ロジスティクス関通(兵庫県尼崎市)は3日、国際輸送事業を展開するエーアイテイー(AIT、大阪市中央区)と業務提携すると発表した。海外と国内間をつなぐ一貫した物流サービスの共同提案や案件創出のため手を組み、互いの顧客ニーズに対応。相乗効果により互いに事業拡大を図る。

発表によると、AITは海上輸送を得意とするフォワーダー。輸入において年間27万TEUを取り扱い、中国をメインとする。海上から保税倉庫に至る国際物流、関通は物流倉庫から宅配まで国内物流を主戦場としている。年間1200万個の出荷実績と関西・関東に21拠点を持ち、物流システムの販売なども行っている。

今回の提携により、関通はAITが培ってきた海上輸送の圧倒的な規模のメリットやフォワーディングに関する知見を活用。国内物流で請け負っている顧客向けに、輸出入から国内物流までの一気通貫したサービスを提案できるようになる。

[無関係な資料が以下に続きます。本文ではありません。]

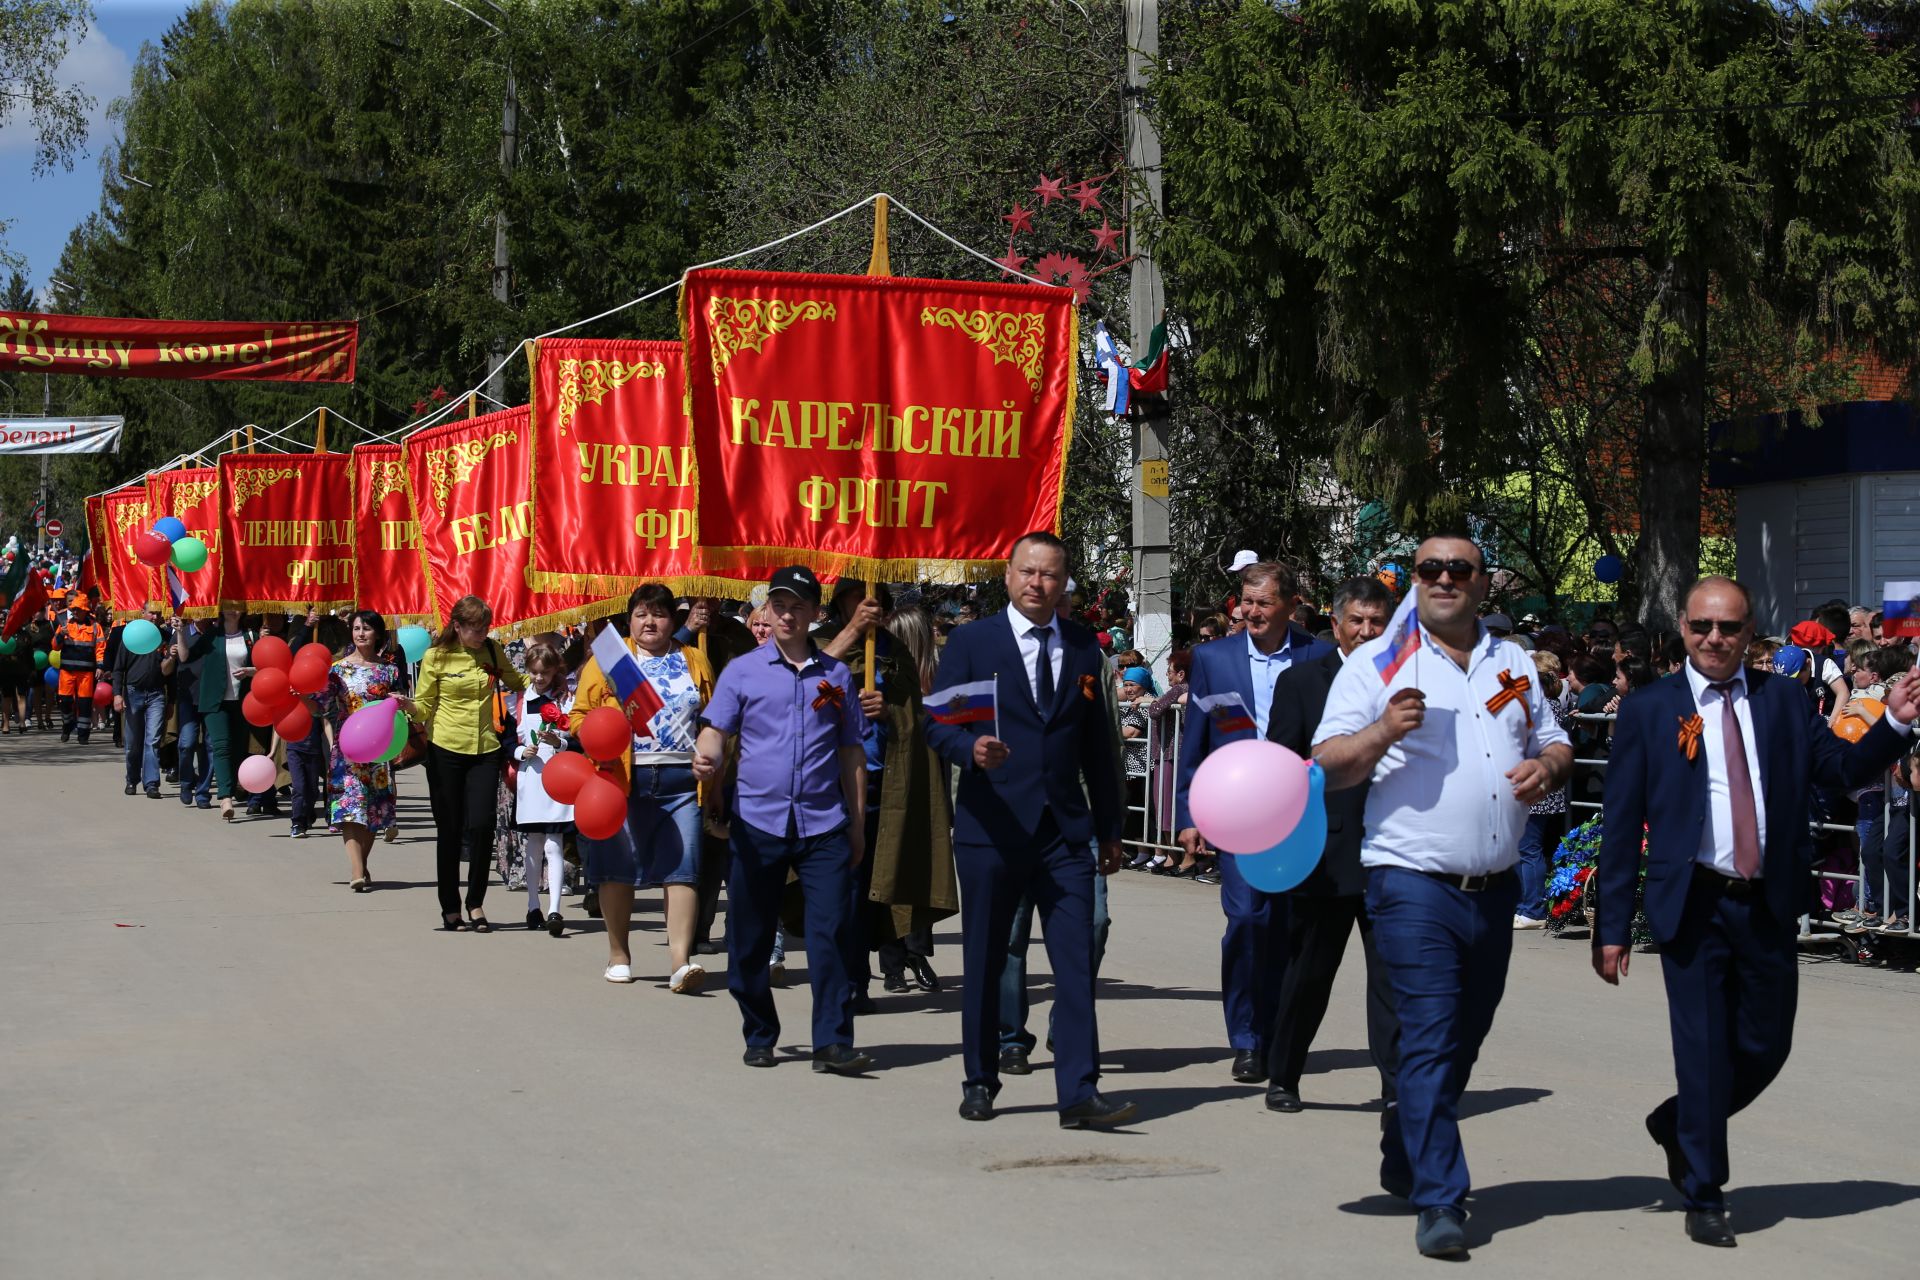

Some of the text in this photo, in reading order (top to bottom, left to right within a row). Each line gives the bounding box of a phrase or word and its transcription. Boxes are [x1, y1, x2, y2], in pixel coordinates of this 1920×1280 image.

[729, 397, 1024, 458] КАРЕЛЬСКИЙ
[798, 475, 949, 528] ФРОНТ
[635, 508, 698, 550] ФР
[286, 558, 354, 586] ФРОНТ

一方、AIT側は関通のEC宅配(電子商取引)を中心とした物流センター運営の機能やノウハウを活用し、フォワーディング業務を提供する顧客向けに国内物流の新たな提案が可能になる。

▲業務提携のイメージ(出所:関通)

新型コロナウイルス感染症拡大などにより、国際物流は不安定化しており、日本国内の企業にとっては販売機会の損失や、利益の圧迫を招く状況が続いている。そのような状況の下、国内物流との一貫した連携や効率化が大きな焦点となる。一方、日本国内から海外市場に向けた商品の販売ニーズは高まっており、国際物流に関するニーズが近年高まりを見せているという。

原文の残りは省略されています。